Türkiye Sigorta Birliği Genel Sekreteri Özgür Obalı, eldekileri yerine koymanın çok zor olduğu bir dönemde olunduğuna dikkat çekerek “Zorlu ekonomik koşullar varlıkların değerlerini hızla arttırıyor. Risklere karşı sigortalanma en büyük güvencemiz.” dedi.
Pandemi sonrası değişen düzende tedarik zinciri, bölgesel çatışmalar, iklim krizi ve dünya genelindeki zorlu ekonomik koşullar bir tarafta riski arttırırken diğer tarafta da varlıkların değerini hızla yükseltti.
Türkiye Sigorta Birliği (TSB) Genel Sekreteri Özgür Obalı, tüm bu gelişmelerle enflasyon ve döviz kurundaki dalgalanmanın Türkiye’deki yansımalarına dikkat çekerek “Bir yıl öncesiyle karşılaştırıldığında, gayrimenkul, otomotiv gibi sigorta ile yakından ilgili alanlarda varlık değerleri yüzde 100’ü aşan oranda değer kazandı. 1 yıl önce ortalama 500 bin TL seviyelerindeki C segment bir aracın ya da 500 bin TL civarındaki bir konutun ortalama fiyatı bugün 1 milyon TL’yi aştı. Bu değerlemeler ışığında sigortasız bir varlığımızı kaybettiğimizde, aynı değerden yerine koymamız mümkün görünmüyor.” dedi.
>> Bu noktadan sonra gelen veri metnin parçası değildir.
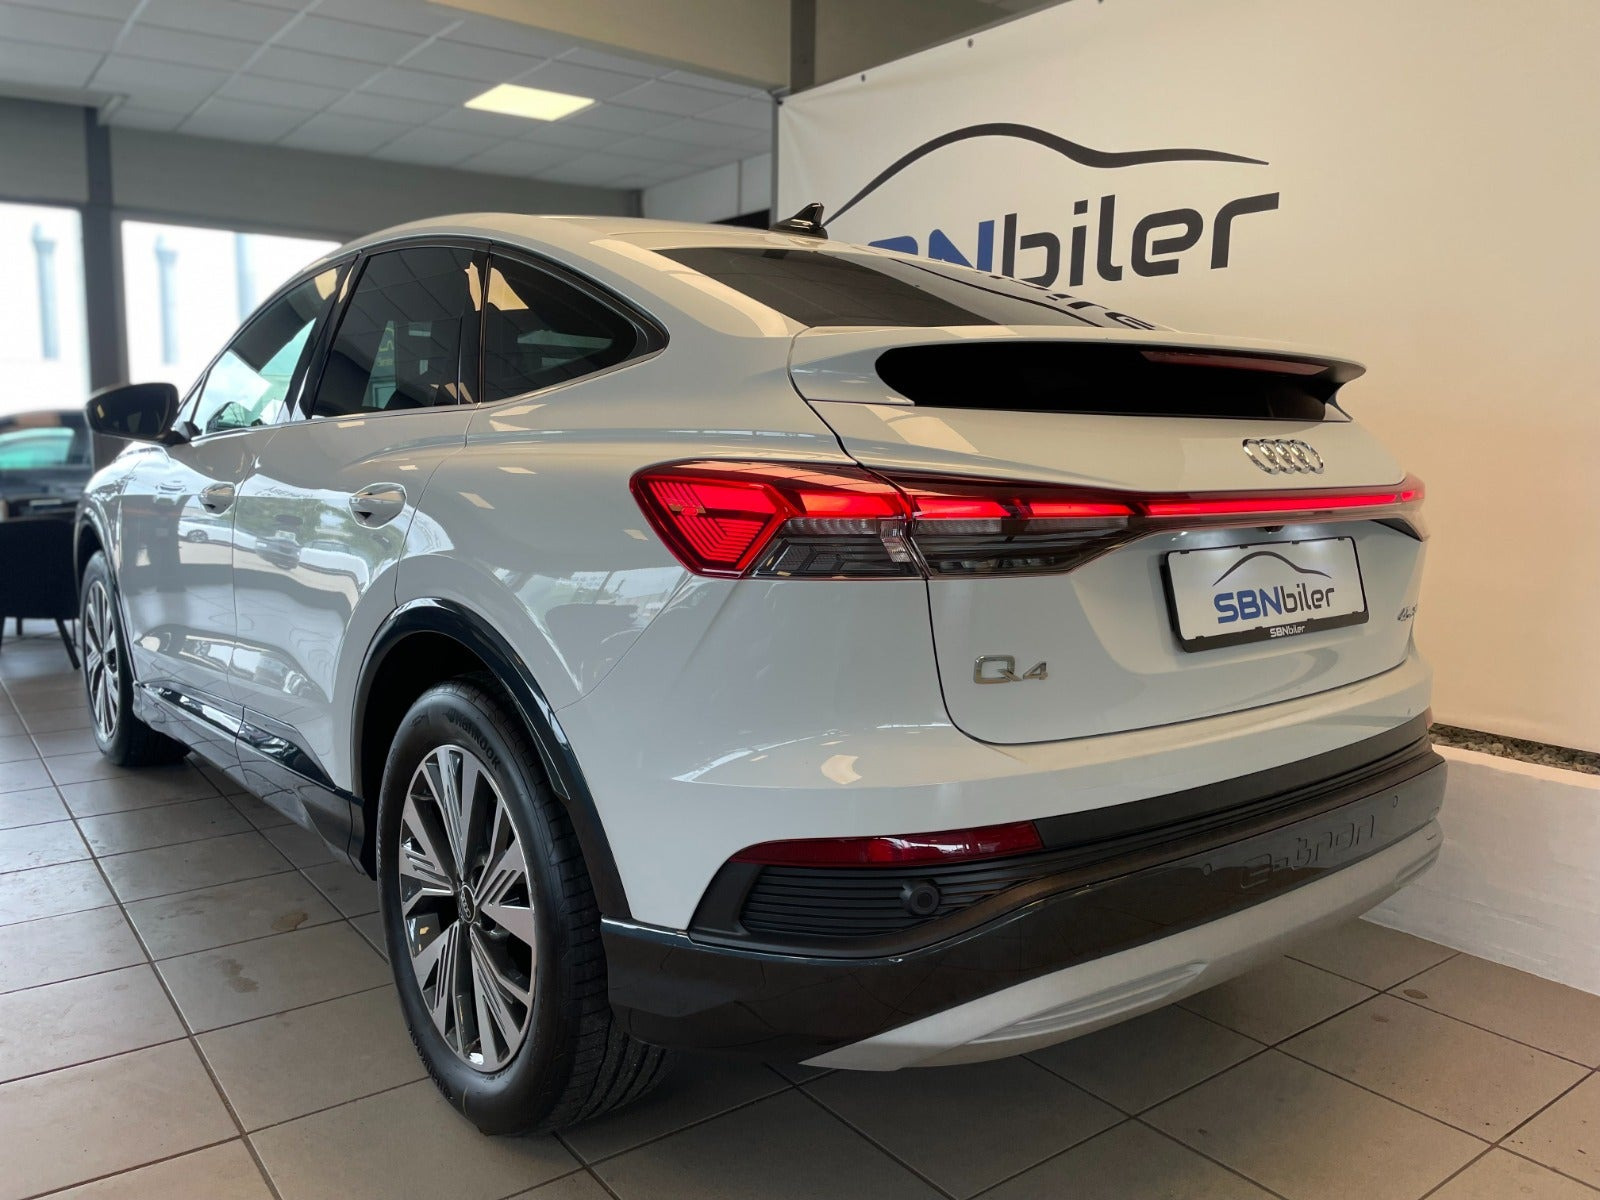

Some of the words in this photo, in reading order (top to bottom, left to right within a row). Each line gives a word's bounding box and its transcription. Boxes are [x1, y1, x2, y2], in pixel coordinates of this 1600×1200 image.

[867, 191, 1280, 289] Nbiler
[1213, 582, 1335, 624] SBNbiler
[1269, 624, 1306, 638] SBNbiler
[973, 654, 1049, 685] Q4
Sigorta bilinci giderek yükseliyor
Sahip olunanları korumanın yolunun sigortalanmak olduğunu altını çizen Obalı, ülkemizde ‘sigorta bilincinin’ yükselerek arttığını belirterek “Sigorta, geleceğe huzurlu ulaşmada önemli bir güven unsuru. Ekonomik koşullara rağmen vatandaşların sigortaya olan ilgisi ve teveccühü sürüyor. ‘Sigorta, kıymet bilmektir’ diyerek çıktığımız bu yolda, sigortaya ilgiyi sektör olarak doğru işler yaptığımızın önemli bir göstergesi kabul ediyoruz.” diye konuştu.
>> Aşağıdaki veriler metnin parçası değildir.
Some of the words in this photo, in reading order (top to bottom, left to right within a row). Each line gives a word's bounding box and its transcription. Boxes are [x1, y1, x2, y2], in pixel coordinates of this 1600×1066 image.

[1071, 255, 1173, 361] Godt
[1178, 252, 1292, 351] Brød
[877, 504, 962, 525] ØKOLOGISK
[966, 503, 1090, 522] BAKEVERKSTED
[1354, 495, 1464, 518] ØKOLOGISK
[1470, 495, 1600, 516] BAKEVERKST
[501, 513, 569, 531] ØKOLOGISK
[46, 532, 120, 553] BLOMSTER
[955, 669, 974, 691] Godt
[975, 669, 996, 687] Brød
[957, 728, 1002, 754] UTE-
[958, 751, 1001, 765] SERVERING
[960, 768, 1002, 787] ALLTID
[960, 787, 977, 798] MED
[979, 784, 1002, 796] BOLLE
Sigorta prim artışlarına da değinen Obalı, konunun bugünden değil, geçen yılbaşından itibaren değerlendirilmesi gerektiğini aktararak “2021 yılında pandemi kaynaklı yavaşlayan hayat, özellikle motor ve sağlık branşındaki ‘hasar frekanslarını’ ciddi oranda düşürdü. Daha uygun fiyatlama yapılmasına imkân sağlayan bu durum, sigorta şirketlerince tüketicilerin lehine kullandı ve bir nevi iskontolu fiyatlarla ürün sunuldu.” ifadelerini kullandı.
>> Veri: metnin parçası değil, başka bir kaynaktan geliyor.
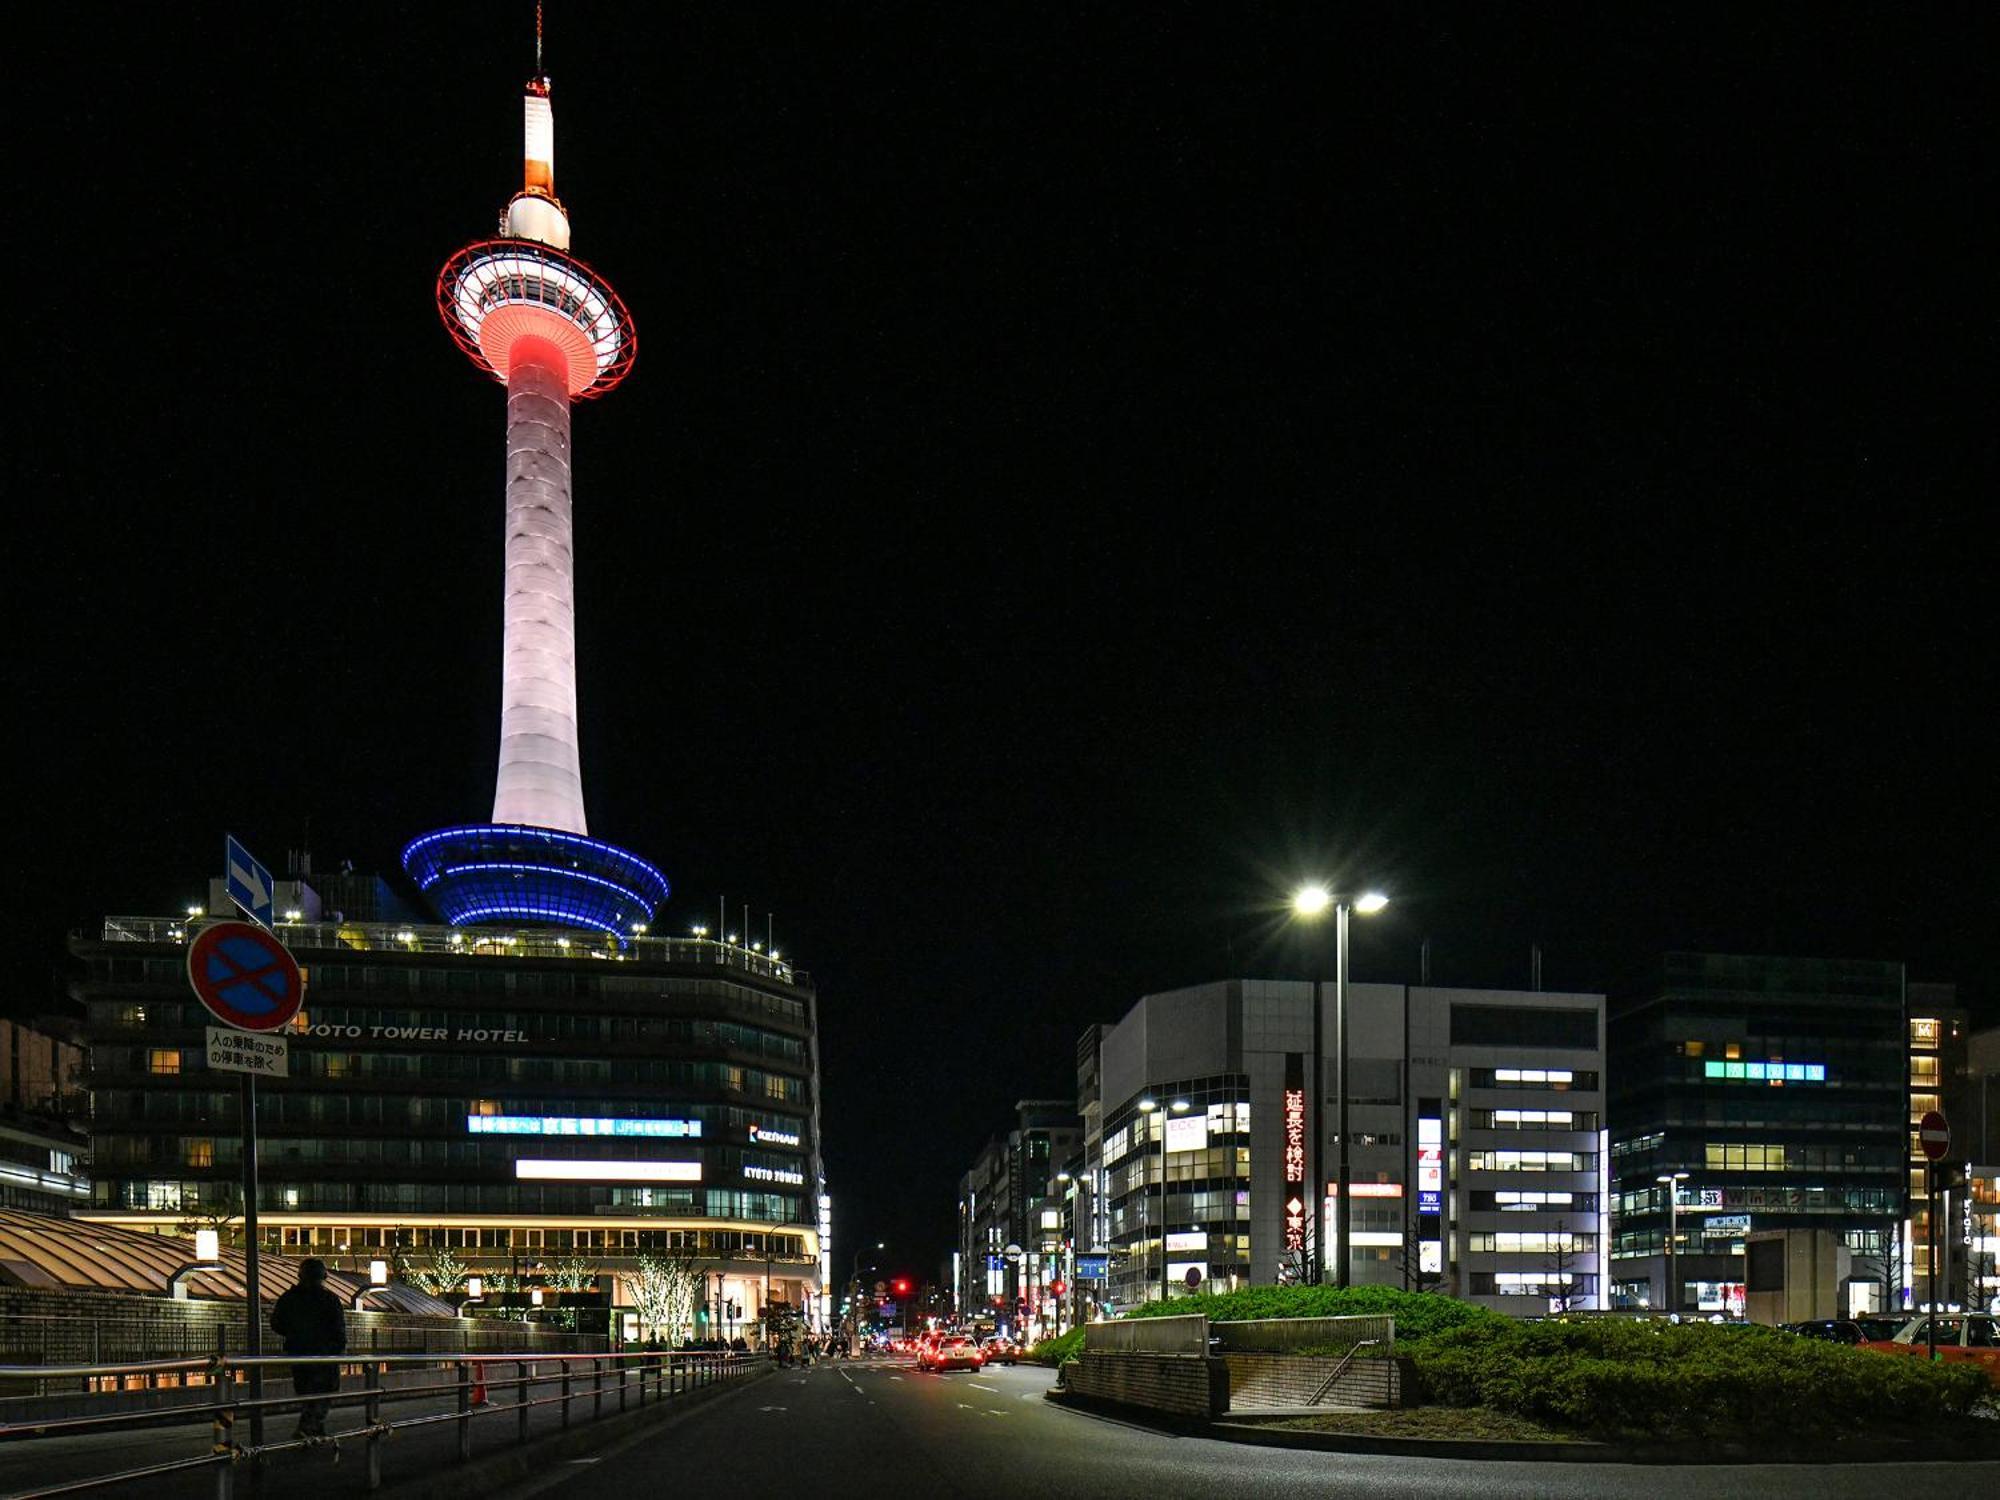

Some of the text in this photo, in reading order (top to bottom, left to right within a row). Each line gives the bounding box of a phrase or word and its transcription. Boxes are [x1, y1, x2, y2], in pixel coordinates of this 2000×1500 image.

Sigorta önemli bir gelişmişlik göstergesi
Sigorta şirketlerinin 2022 yılı için değişen ekonomik koşullar çerçevesinde fiyatlama politikalarını yeniden gözden geçirmek zorunda kalmalarında özellikle maliyet ve hasar gibi etmenlerin belirleyici olduğunu söyleyen Obalı, “Maliyetler ile primlerin uyuşmadığı, maliyetlerin yüksek olduğu bir dönemden geçiyoruz. Pandemi kurallarının gevşetilmesi ile birlikte otomotiv ve sağlık alanında artan hasar maliyetleri sektörümüzü zorluyor. Vatandaşlarımız geçen yılı göz önüne alarak primlerin bu yıl çok artığını düşünüyor olabilirler; fakat primlerin tüm maliyetler düşünüldüğünde ve varlık fiyatlarının hızla artığı günümüzde primlerin bununla uyumlu olarak artığını söyleyebiliriz. Doğal afetler vb. gibi riskler hızla yükselirken, varlıklarımızı korumak da gitgide zorlaşıyor. Oysa varlıklarımızı, değerinin neredeyse binde biri-ikisi oranındaki primlerle sigorta güvencesi altına alabilir, olası kayıp durumunda sigorta ile tekrar yerine koyarak hayatımıza kaldığımız yerden devam edebiliriz. Sigorta önemli bir gelişmişlik göstergesi ve ülke ekonomimizin güçlenmesinde önemli anahtar sektör. Her zaman olduğu gibi ‘Sigorta kötü gün dostu bir sosyal politika aracıdır’inancıyla hareket ederek sorumluluklarımızı eksiksiz yerine getirme gayretiyle tüm paydaşlarımızla birlikte çalışıyoruz.” dedi.